Outro aspecto que talvez tenha influenciado uma das mais fortes aptidões de Maurício, que já começa a demonstrar nessa época, talvez tenha vindo de Frederico Henrique. O príncipe de Orange tinha uma vibrante fascinação por construções e jardins. Durante seu governo, realizou inúmeras reformas e construções de prédios, bem como a implantação de jardins. Inclusive gostava das opiniões de Nassau acerca desses assuntos, consultando-o sempre. Nessa época, Nassau teve a oportunidade de adquirir um terreno vizinho da residência do príncipe e inicia a construção de sua suntuosa casa, mesmo não tendo recursos suficientes para arcar com os vultosos custos desse palacete. Nesse período seu pai já havia falecido, e a parte de Siegen que lhe cabia de herança juntamente com seu soldo de coronel não lhe davam o respaldo financeiro necessário para concluir tal empreitada.

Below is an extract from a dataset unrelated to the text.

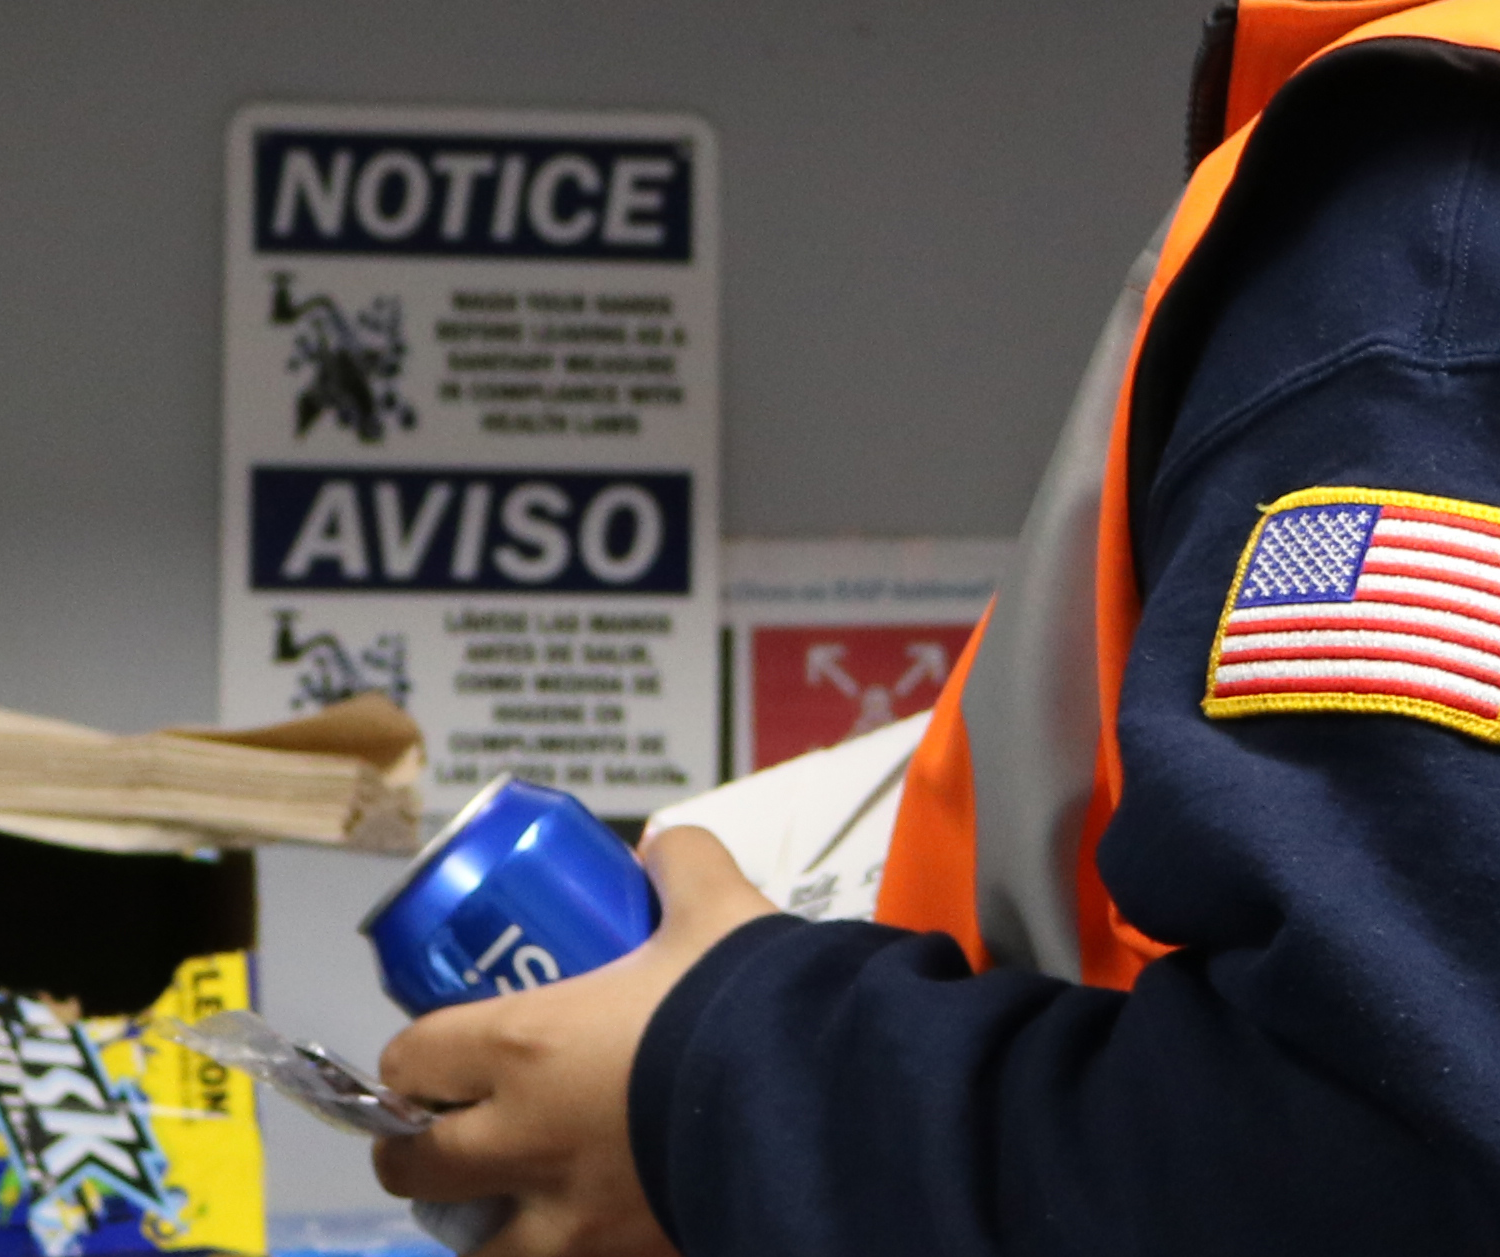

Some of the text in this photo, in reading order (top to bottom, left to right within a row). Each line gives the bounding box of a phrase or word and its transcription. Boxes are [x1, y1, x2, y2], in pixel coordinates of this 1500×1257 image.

[272, 151, 676, 243] NOTICE
[281, 482, 663, 582] AVISO
[191, 970, 229, 1117] LEON

Para elaborar o projeto de sua residência, chamada Mauristshuis (Casa de Maurício), ele contratou o renomado e caríssimo arquiteto Jacob van Campen, que já trabalhava no projeto da casa de Huygens, em construção nas proximidades. A casa, por ser um palacete, alcançou a vultosa cifra de meio milhão de florins, valor muito elevado para as rendas de Nassau. A
solução para a conclusão da obra veio com sua indicação para ser o governador do Brasil holandês. As condições financeiras39 foram irrecusáveis e Nassau aceitou a missão.
Mesmo antes de aportar no Brasil já começavam as desavenças entre ele e os Herens XIX. Como já foi dito anteriormente, os diretores da Companhia não eram simpáticos à sua indicação. Além de muito caro, sua nomeação ia de encontro à prática vigente de selecionar entre os quadros que prestavam serviço nas colônias, aqueles que mais se destacavam defendendo os interesses da WIC, e, neste quesito, o nome da vez era o do coronel Crestofle Arciszewsky. Foi preterido por pressão da casa de Orange.
Outro desentendimento se referiu à quebra de promessa da frota que o levaria ao Brasil, que, após um razoável atraso, foi cumprida com menos da metade dos barcos e pessoal inicialmente previstos. De uma perspectiva de 32 naus e 7 mil homens, lhe entregaram 12 barcos e 2,7 mil tripulantes.